Date: Sun, 03 May 1998 11:44:21 -0700
From: Arel Lucas <arel@pacbell.net>
To: memetics@mmu.ac.uk
Subject: Re: memetic engineering and superstition
More comments on old posts--please forgive me, I'm cleaning out my inbox.
Josip Pajk wrote--
(snip)
>Fortunatelyas Alfred Lang wrote:
>>The tracks or grooved ways are something good; but if nobody were willing
to walk besides the tracks, we would know little of the world.<<
It is OK while we are only walking and sightseeing and trying to
UNDERSTAND
the countryside besides the tracks. The problems arise when we start to
>build and "synthesize" our engineered structures in it.(snip)
My feeling is that, if you can, when you feel you're being railroaded,
get out in front and *lay track*!
Later, same post:
>Are today native American
>Indians maybe improved comparing with their social state before the
>continent was discovered by technologically more "evolved" (rational,
>conscious) people.
Hmmm, I'm glad to see "evolved" in quotation marks, because I don't think
either group was more evolved in the biological sense than the other.
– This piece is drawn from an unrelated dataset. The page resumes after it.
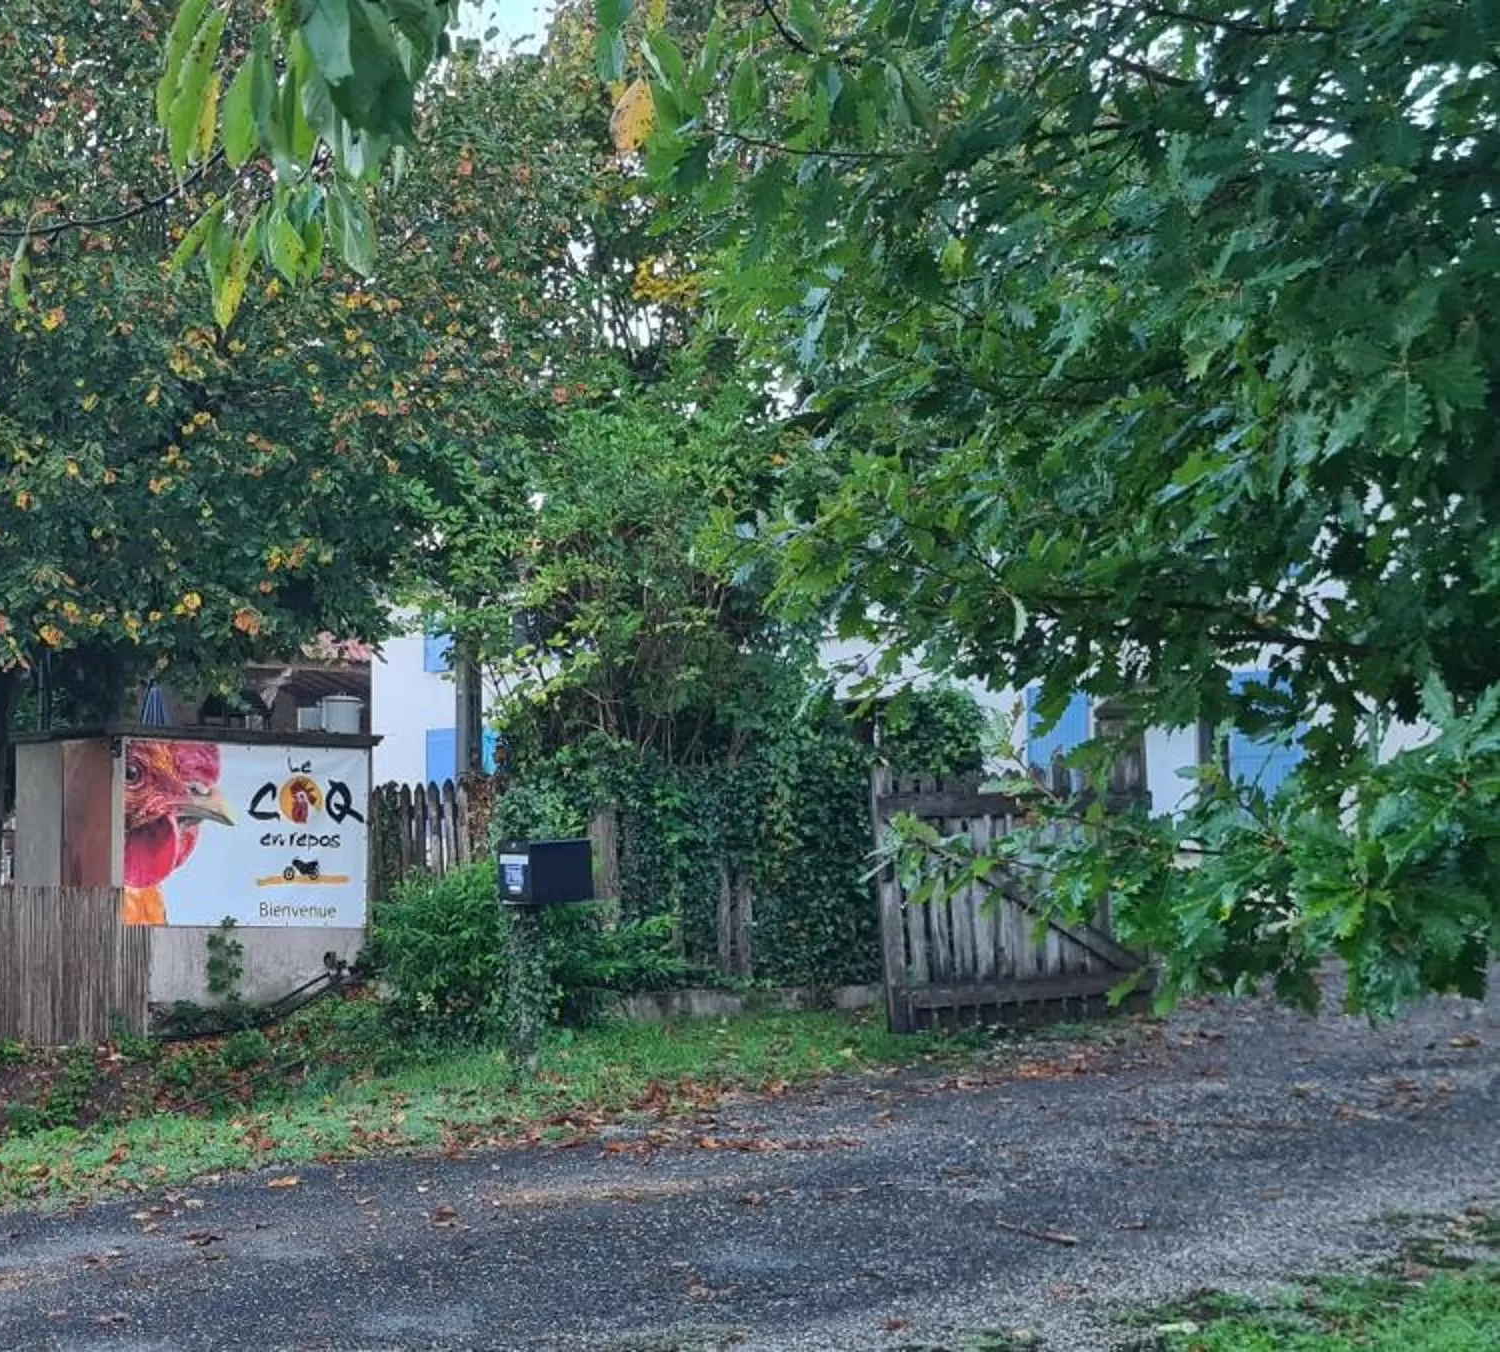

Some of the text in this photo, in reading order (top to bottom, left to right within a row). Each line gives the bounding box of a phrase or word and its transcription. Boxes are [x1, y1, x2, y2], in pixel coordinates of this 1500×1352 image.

[287, 756, 312, 773] Le
[260, 832, 341, 851] en repos
[259, 901, 337, 918] Bienvenue
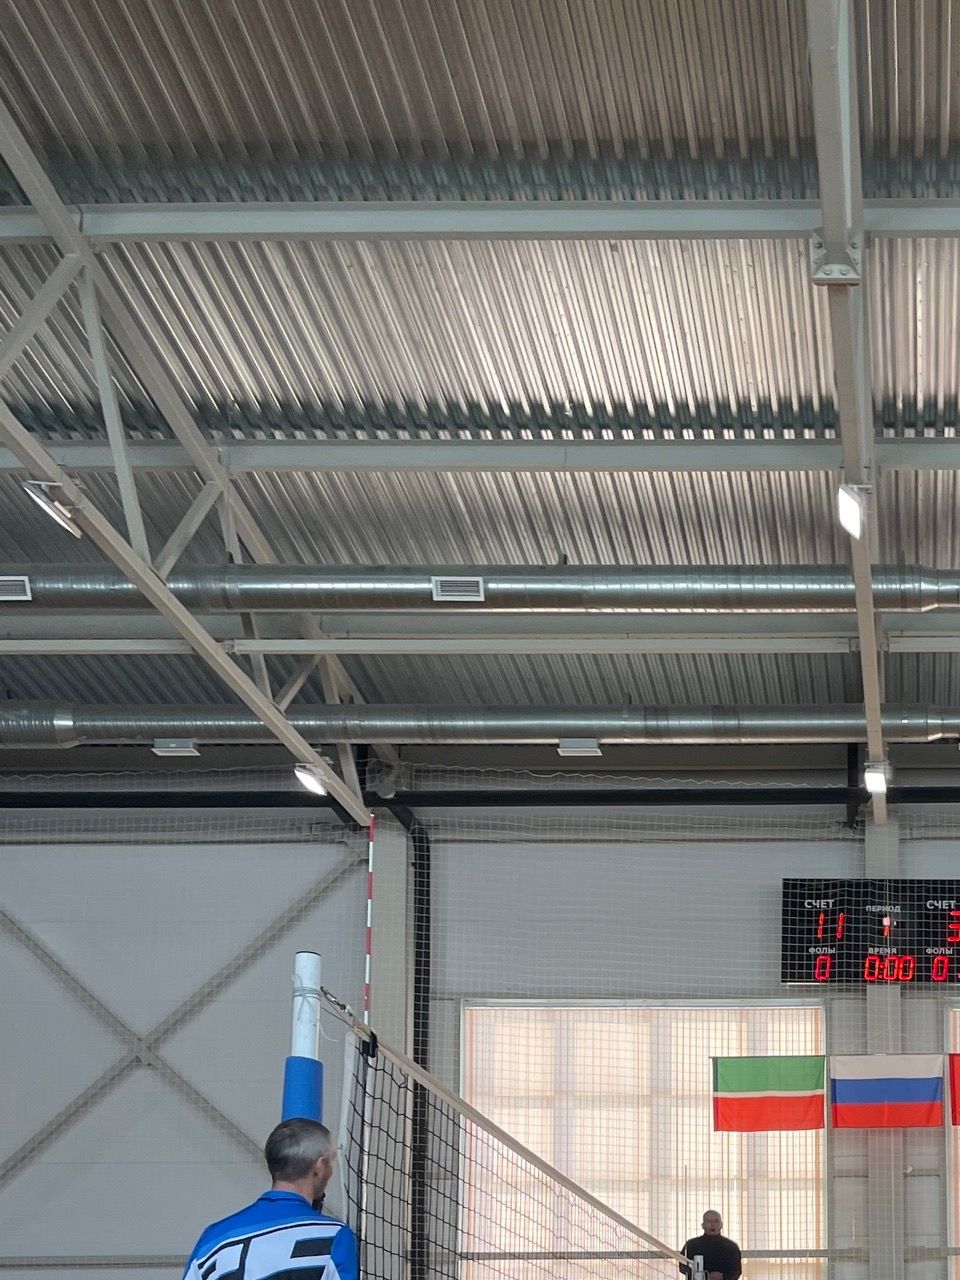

The Europeans were "civilized," that is, in the literal Latin,
"city-ized," or domesticated to live packed together in highly-structured
groups, with conflict encouraged only between certain defined ethnic
(and widely separated) divisions. We Native Americans, as opposed to we
Caucasians (I'm both plus), were not city-ized, but still lived rurally,
in less dense communuties. Conflicts were still among the old kinds of
primate-like groups occupying identifiably different but geographically
close areas, without highly evolved technology or extremely hierarchical
social structures. Unfortunately, in the process of civilizing us Native
Americans, we Caucasians brought prejudice, genocide and contagious
disease which wiped out most of the coastal tribes both east and west,
and severely impacted populations in the interior as well. Are we better
off? We're certainly more interracially mixed, intermarriage being the
best of a set of bad alternatives! No longer involved in internecine
warfare, many of us do battle with the government for welfare or better
tribal terms, and some of the less fortunate in ghettoes for simple turf
to sleep on. Some of us do very well--but all of us who know about him
think sometimes of Ishi, walking out of the woods to spend his reclining
days as a living relic in a San Francisco anthropological museum.